The problem: Retrieve all lines below that have the string "BATH".

+++ Task inputs +++

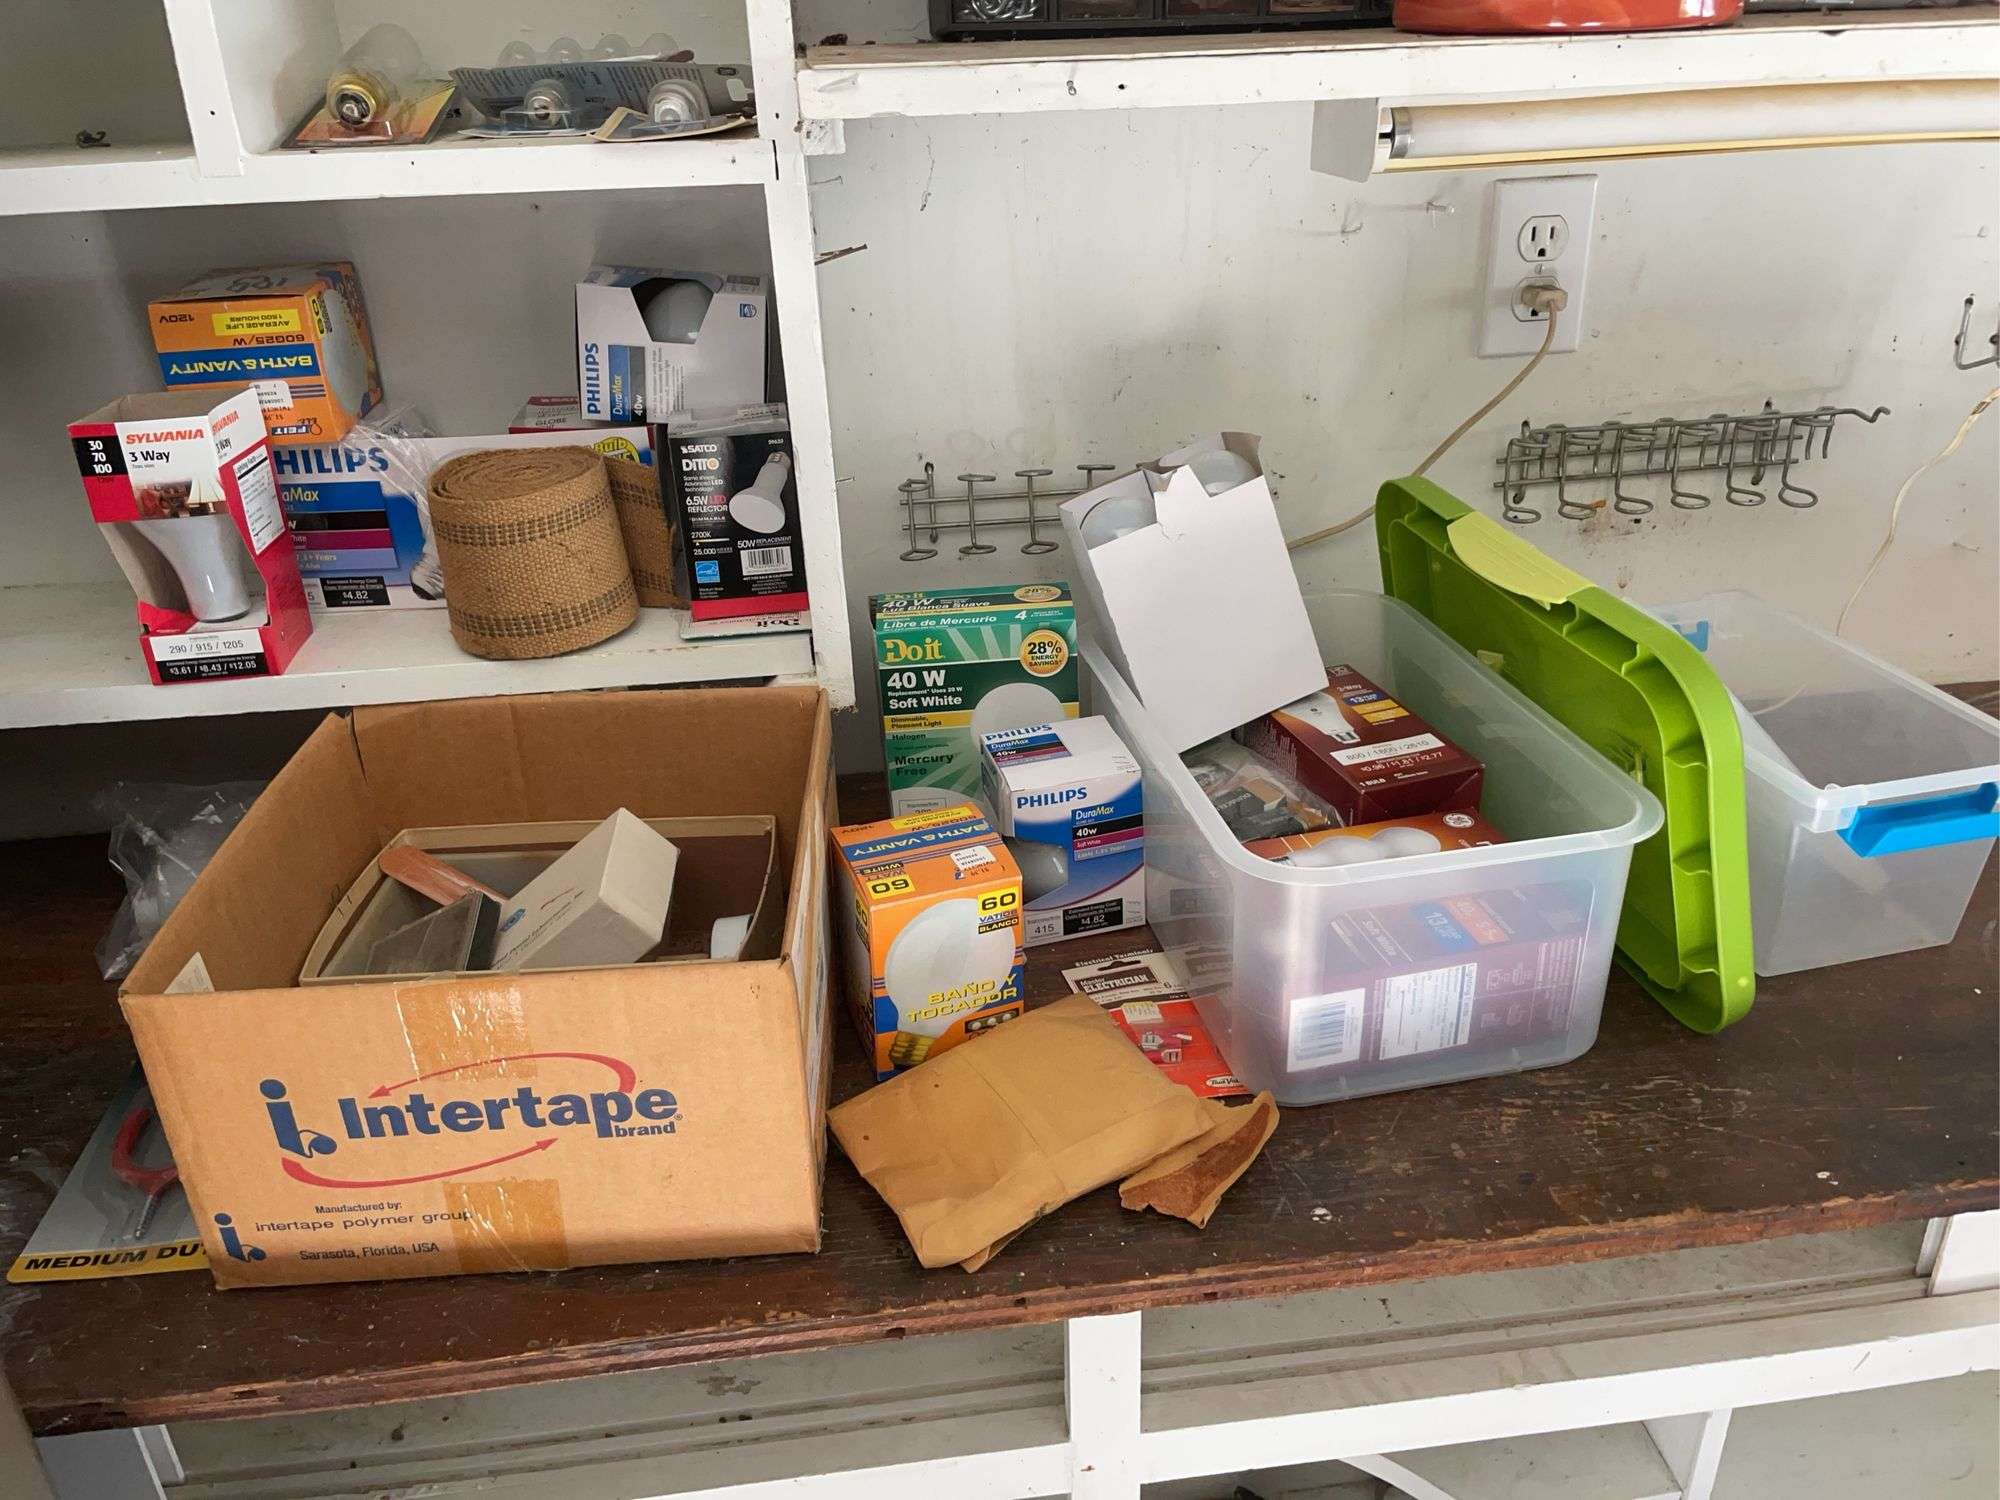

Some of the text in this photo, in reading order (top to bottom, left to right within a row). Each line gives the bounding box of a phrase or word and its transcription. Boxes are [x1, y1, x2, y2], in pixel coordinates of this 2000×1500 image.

[159, 313, 195, 324] 120V
[243, 320, 290, 328] AVERAGE
[232, 334, 305, 347] 60G25/W
[169, 355, 313, 375] BATH & VANITY
[584, 342, 602, 415] PHILIPS
[612, 374, 624, 416] DuraMax
[632, 394, 645, 416] 40w
[211, 410, 240, 434] SYLVANIA
[126, 428, 205, 445] SYLVANIA
[273, 425, 310, 436] FEIT
[88, 440, 104, 451] 30
[687, 444, 717, 453] SATCO
[92, 452, 107, 463] 70
[129, 450, 171, 464] 3 Way
[272, 447, 390, 475] HILIPS
[93, 463, 113, 475] 100
[682, 457, 720, 472] DITTO
[686, 495, 709, 506] 6.5W
[687, 504, 728, 513] REFLECTOR
[691, 531, 712, 539] 2700K
[737, 539, 756, 549] 50W
[342, 590, 369, 601] $4.82
[882, 600, 908, 608] 40
[911, 598, 936, 608] W
[882, 606, 906, 614] Luz
[883, 620, 918, 630] Libre
[920, 619, 937, 627] de
[940, 614, 997, 626] Mercurio
[1014, 610, 1028, 621] 4
[169, 645, 187, 655] 290
[195, 642, 213, 652] 915
[222, 640, 244, 650] 1205
[1027, 640, 1062, 655] 28%
[1030, 654, 1060, 662] ENERGY
[170, 666, 192, 676] $3.61
[229, 661, 257, 671] $12.05
[886, 669, 946, 689] 40 W
[931, 687, 947, 695] Uses
[888, 695, 963, 710] Soft White
[923, 719, 943, 728] Light
[891, 732, 927, 741] Halogen
[985, 724, 1053, 742] PHILIPS
[991, 739, 1030, 750] DuraMax
[895, 753, 955, 767] Mercury
[895, 766, 928, 778] Free
[1366, 778, 1387, 787] BULB
[1016, 787, 1088, 810] PHILIPS
[1075, 806, 1115, 821] DuraMax
[1076, 827, 1098, 837] 40w
[853, 823, 991, 857] BATH & VANITY
[1076, 840, 1087, 848] Soft
[863, 862, 902, 874] WHITE
[871, 878, 910, 895] 60
[981, 892, 1017, 911] 60
[978, 918, 1019, 933] BLANCO
[1081, 914, 1105, 926] $4.82
[1034, 923, 1055, 934] 415
[1074, 948, 1154, 968] Electrical Terminals
[1080, 976, 1106, 988] Master
[1083, 973, 1151, 994] ELECTRICIAN
[927, 973, 1018, 1006] BAÑO Y
[906, 987, 1018, 1023] TOCADOR
[338, 1087, 679, 1140] Intertape
[614, 1121, 676, 1138] brand
[314, 1201, 402, 1214] Manufactured by:
[255, 1209, 474, 1234] intertape polymer group
[299, 1242, 440, 1262] Sarasota, Florida, USA
[24, 1250, 146, 1271] MEDIUM
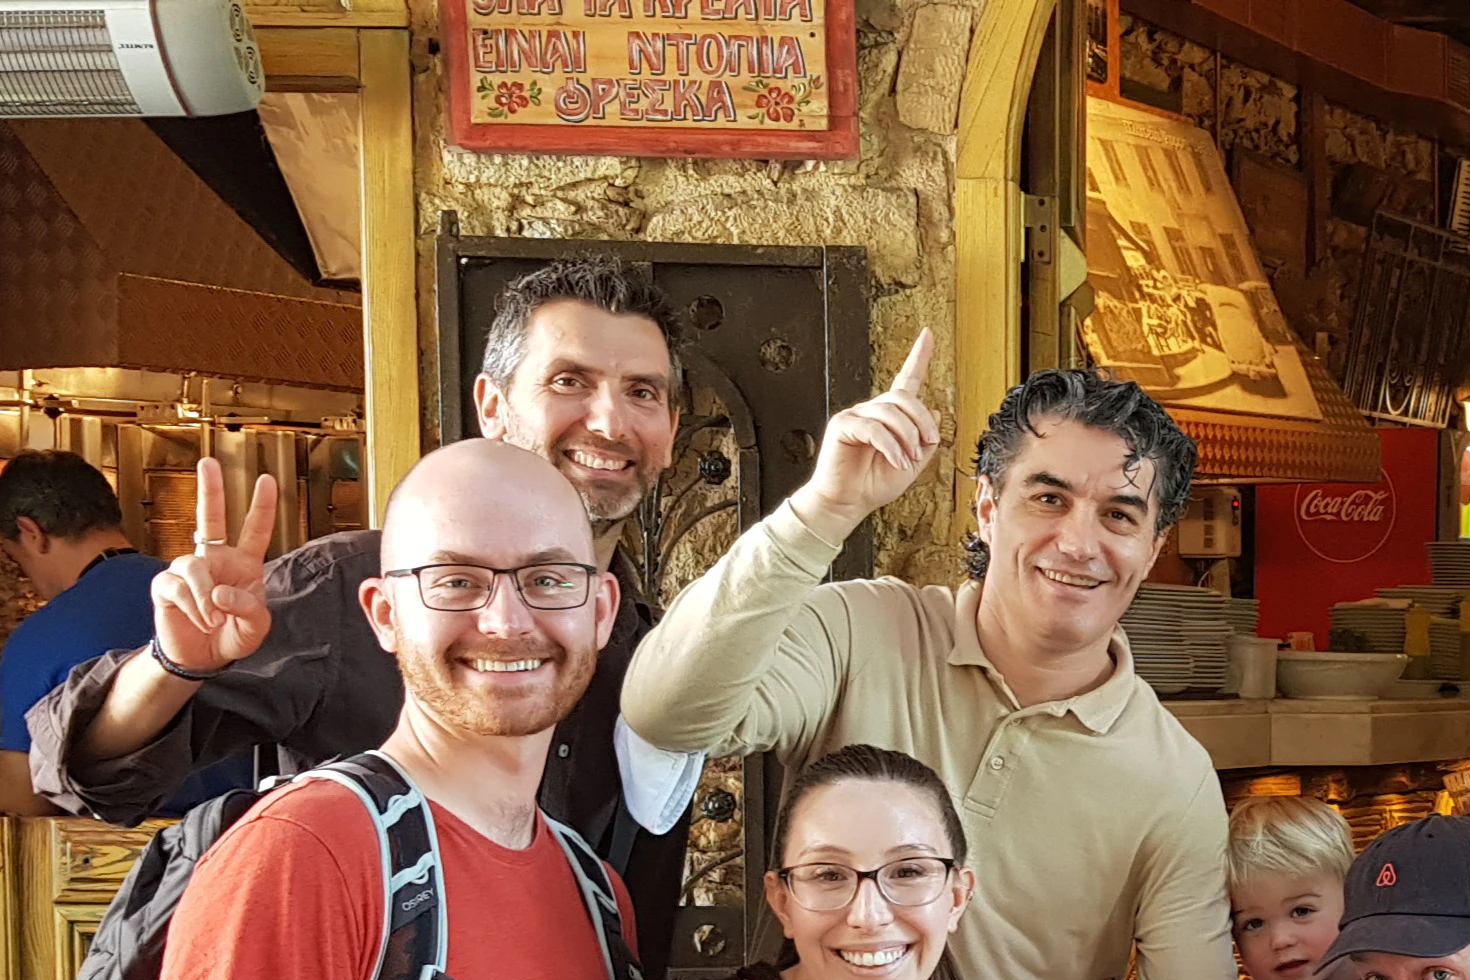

+++

Reply:
[169, 355, 313, 375] BATH & VANITY
[853, 823, 991, 857] BATH & VANITY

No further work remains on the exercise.